As to remorse, Witteman produced nothing at the hearing. Not until the Board issued its decision did Witteman even acknowledge the question of his remorse. In a June 1986 affidavit, 6 months after the hearing, Witteman stated that he does feel a great degree of remorse as to the Kohrdt matter only. He states that he is at a loss to determine any factual basis in the record below other than his failure to appropriately articulate such remorse to the Board. He states that at the initial hearing remorse was never raised and, therefore, he did not have an opportunity to state his
*298 feelings. He obviously does not understand his function as a respondent. Given an opportunity to make a statement to the hearing officer, he chose to stand on his response to the original complaint. That response was a one line denial of everything alleged.Concerning restitution, the record is unclear except as to the fact that damages to clients Kohrdt were not paid until Witteman was sued. Payment to the doctor, count 1, was made only after a complaint was made to the bar and then some months after he promised the bar it would be paid immediately. Witteman finally paid the doctor as he had promised to do years earlier.
This payment is somewhat akin to restitution. Here again his attitude toward professional ethics is apparent. He had promised in writing to pay the bill out of settlement proceeds. His explanation was "I guess I didn't consider it my obligation" other than to remind the client it had to be paid — a sad commentary on the integrity of a member of the bar.
Restitution should be of marginal influence in any event.
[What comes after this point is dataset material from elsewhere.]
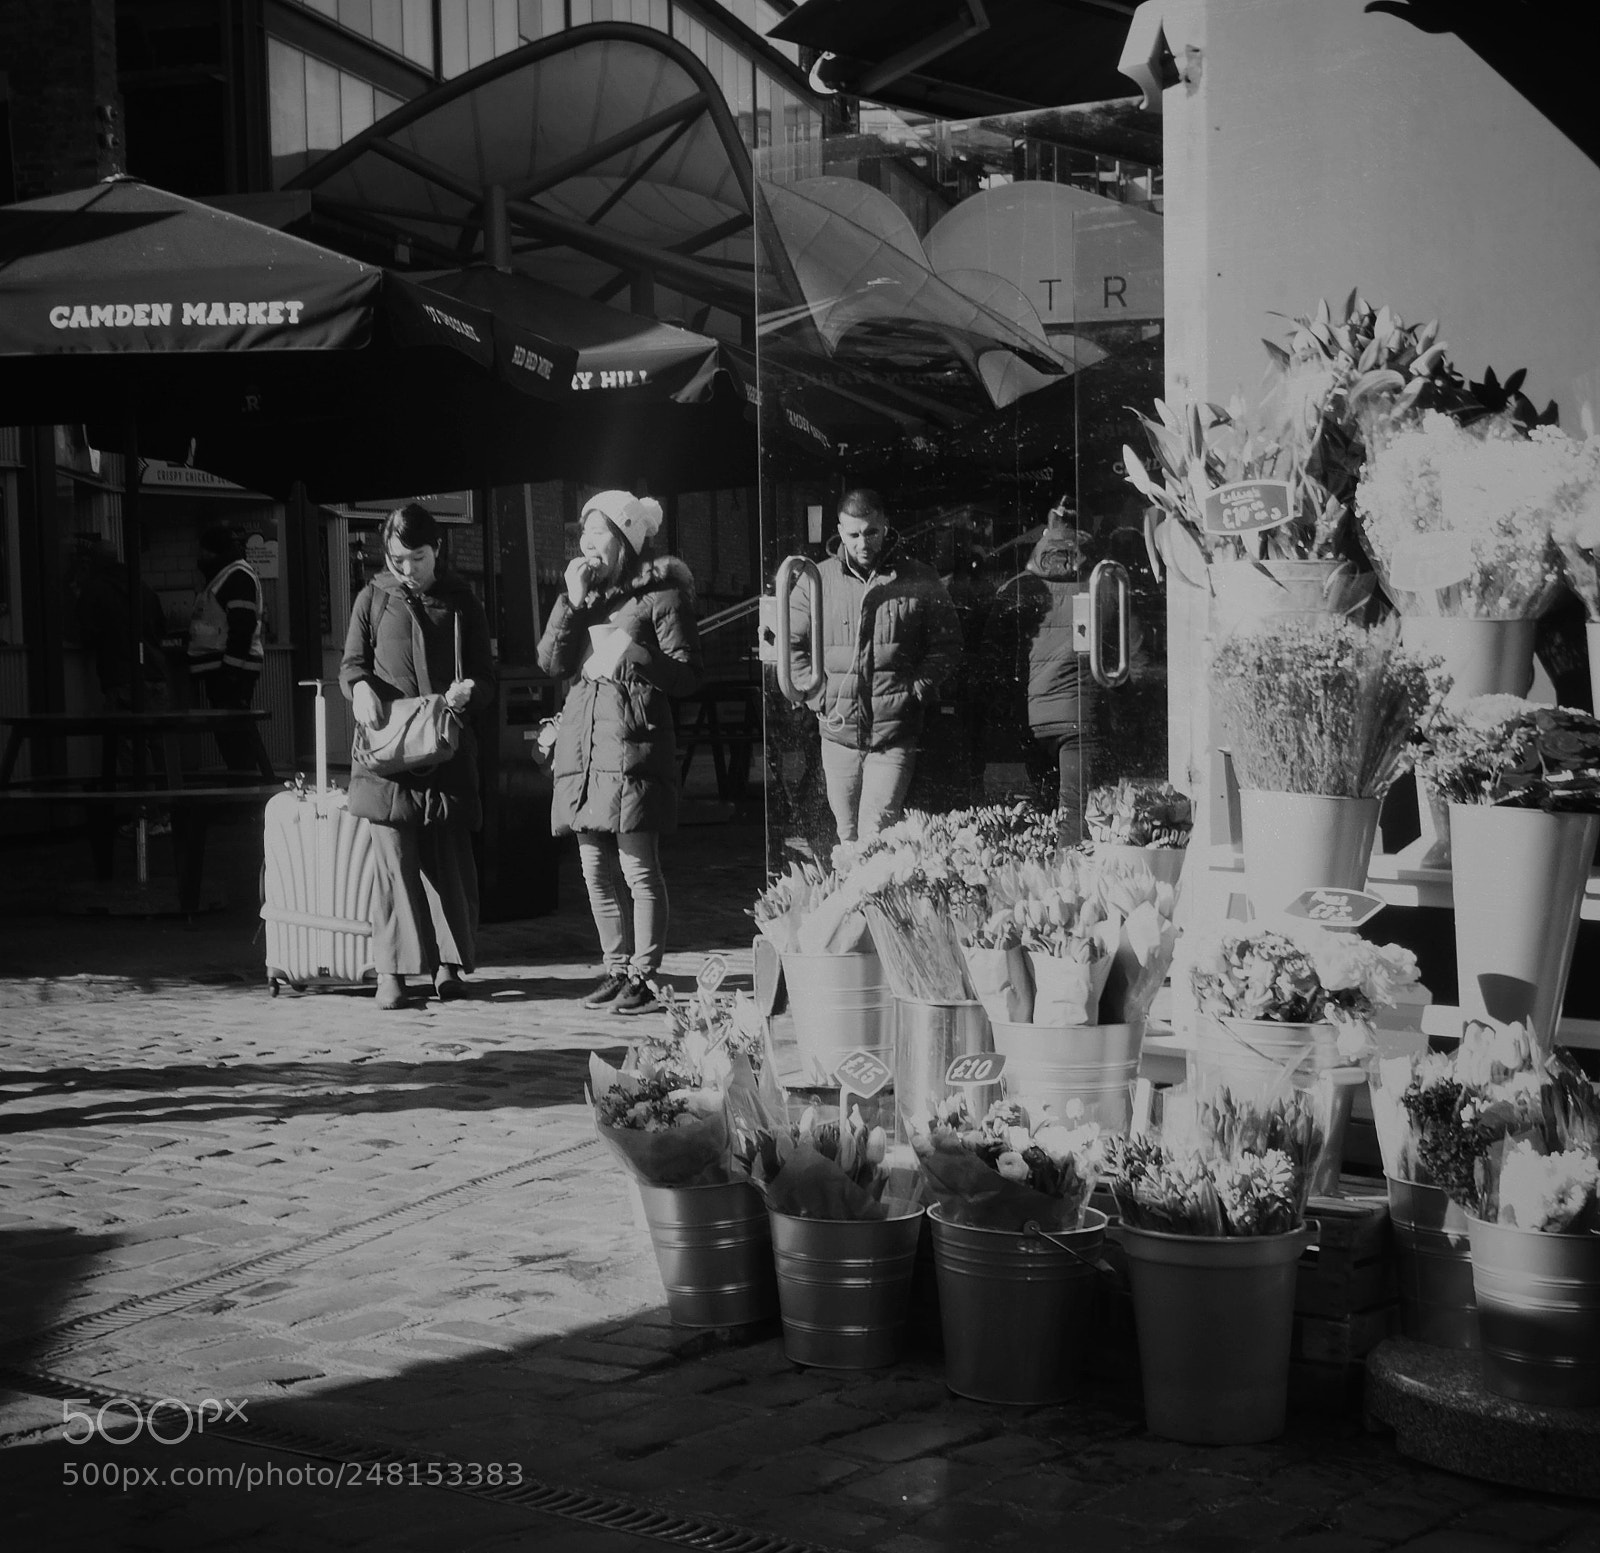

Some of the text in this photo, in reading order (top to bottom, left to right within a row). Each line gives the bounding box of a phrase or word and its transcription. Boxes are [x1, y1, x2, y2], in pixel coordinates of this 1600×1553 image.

[49, 300, 305, 329] CAMDEN MARKET
[157, 470, 183, 482] CRISPY
[840, 1056, 885, 1085] £15
[950, 1058, 993, 1080] £10
The lawyer is simply paying the client for wrongs which should not have happened.
Witteman's conduct over a period of 11 years clearly shows a repetitive pattern of neglect and misrepresentation. He obviously does not learn from his serious mistakes. Enough effort, time, expense and frustration has been spent by involved clients, the bar, Disciplinary Board members, hearing officers and this court.
The majority apparently recognizes that Witteman will pose a potential danger to the public even after a 2-year suspension. He will be on probation for 2 years. For 2 years we require local supervision over Witteman, including overseeing his diary system and receipt of quarterly written status reports of his entire case load.
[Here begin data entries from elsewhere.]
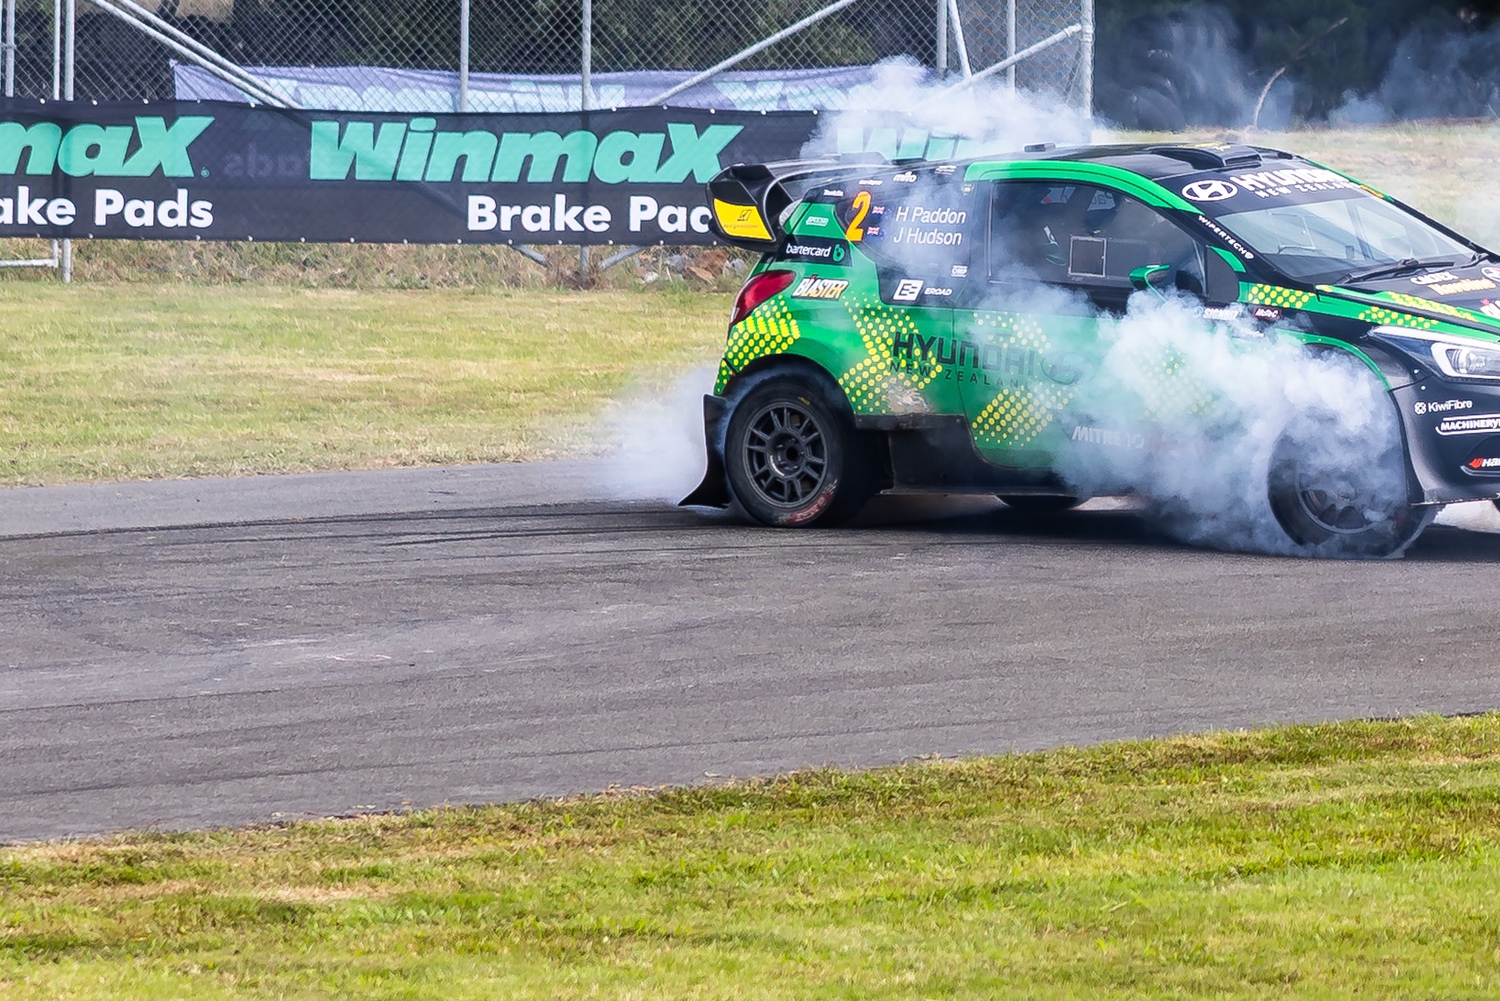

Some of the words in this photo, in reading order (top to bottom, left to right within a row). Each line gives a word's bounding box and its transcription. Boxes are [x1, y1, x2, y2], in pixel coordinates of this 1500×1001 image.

[310, 117, 745, 184] WinmaX
[94, 188, 214, 228] Pads
[467, 193, 612, 233] Brake
[846, 190, 872, 242] 2
[895, 206, 909, 222] H
[911, 207, 967, 224] Paddon
[893, 228, 903, 244] J
[907, 229, 962, 245] Hudson
[1198, 215, 1248, 255] WIPERTECH
[786, 243, 832, 257] bartercard
[791, 276, 849, 301] BLASTER
[924, 287, 953, 296] EROAD
[893, 332, 1037, 376] HYUNDAI
[890, 360, 932, 377] NEW
[1428, 400, 1473, 413] KiwiFibre
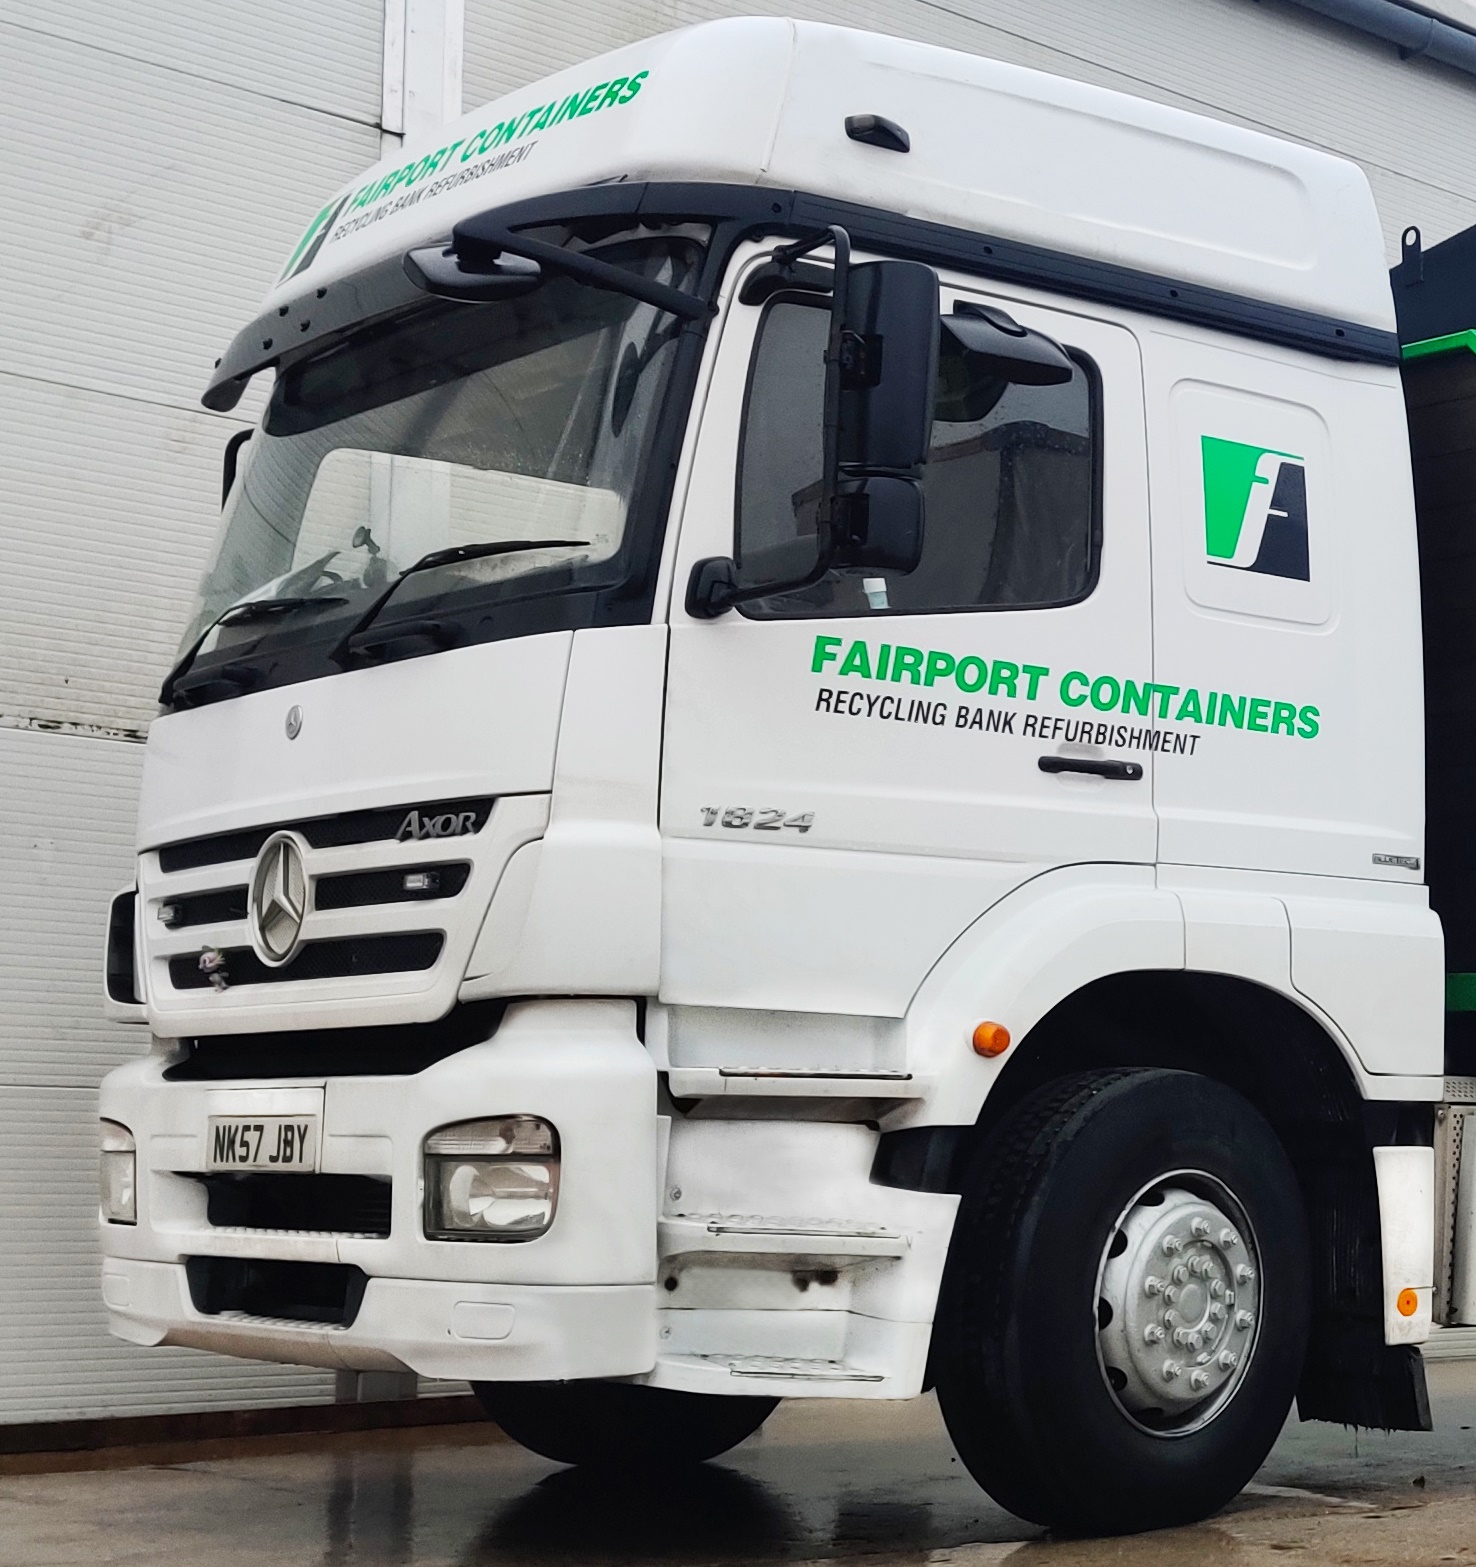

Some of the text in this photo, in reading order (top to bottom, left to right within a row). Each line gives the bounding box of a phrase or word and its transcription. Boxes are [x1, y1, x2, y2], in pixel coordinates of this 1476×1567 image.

[341, 70, 650, 217] FAIRPORT CONTAINERS
[330, 140, 538, 243] RECYCLING BANK REFURBISHMENT
[811, 635, 1320, 739] FAIRPORT CONTAINERS
[815, 688, 1201, 756] RECYCLING BANK REFURBISHMENT
[700, 806, 815, 833] 1824
[213, 1124, 308, 1163] NK57 JBY
At the least, I would add to the majority's conditions of suspension and probation. As a condition to reinstatement after the 2-year suspension, I would require certification, under oath, of compliance with the majority's conditions,
*299 including a specific statement that he has not practiced law during suspension. Further, as a condition of reinstatement, I would require Witteman to pass the ethics portion of the State Bar examination. During probation, his quarterly reports should include any complaints from his clients about his handling of their legal matters.I would follow the recommendation of the experienced, distinguished hearing officer and the eight members of the Disciplinary Board and disbar.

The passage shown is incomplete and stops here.